# What the task requires
Transcribe the entries exactly as they stand below, passing over any picture.

# Available records
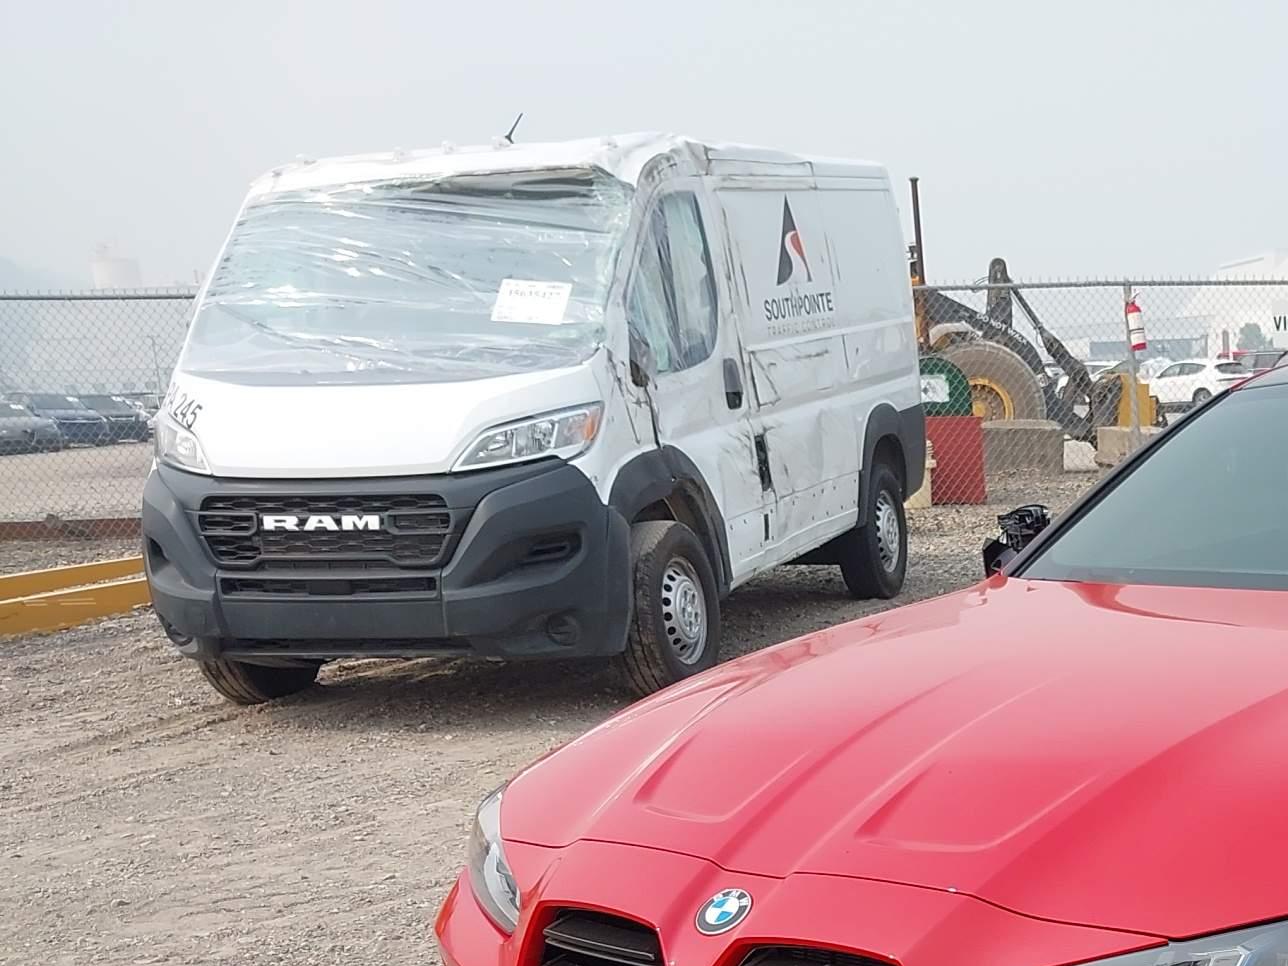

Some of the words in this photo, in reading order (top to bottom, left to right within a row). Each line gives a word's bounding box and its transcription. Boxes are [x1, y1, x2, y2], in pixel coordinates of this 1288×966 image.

[764, 292, 834, 321] SOUTHPOINTE
[989, 318, 1007, 332] NOT
[173, 393, 204, 429] 245
[262, 515, 380, 531] RAM

# Task result
Some of the words in this photo, in reading order (top to bottom, left to right within a row). Each line gives a word's bounding box and its transcription. Boxes are [x1, y1, x2, y2], in pixel coordinates of this 1288×966 image.

[764, 292, 834, 321] SOUTHPOINTE
[989, 318, 1007, 332] NOT
[173, 393, 204, 429] 245
[262, 515, 380, 531] RAM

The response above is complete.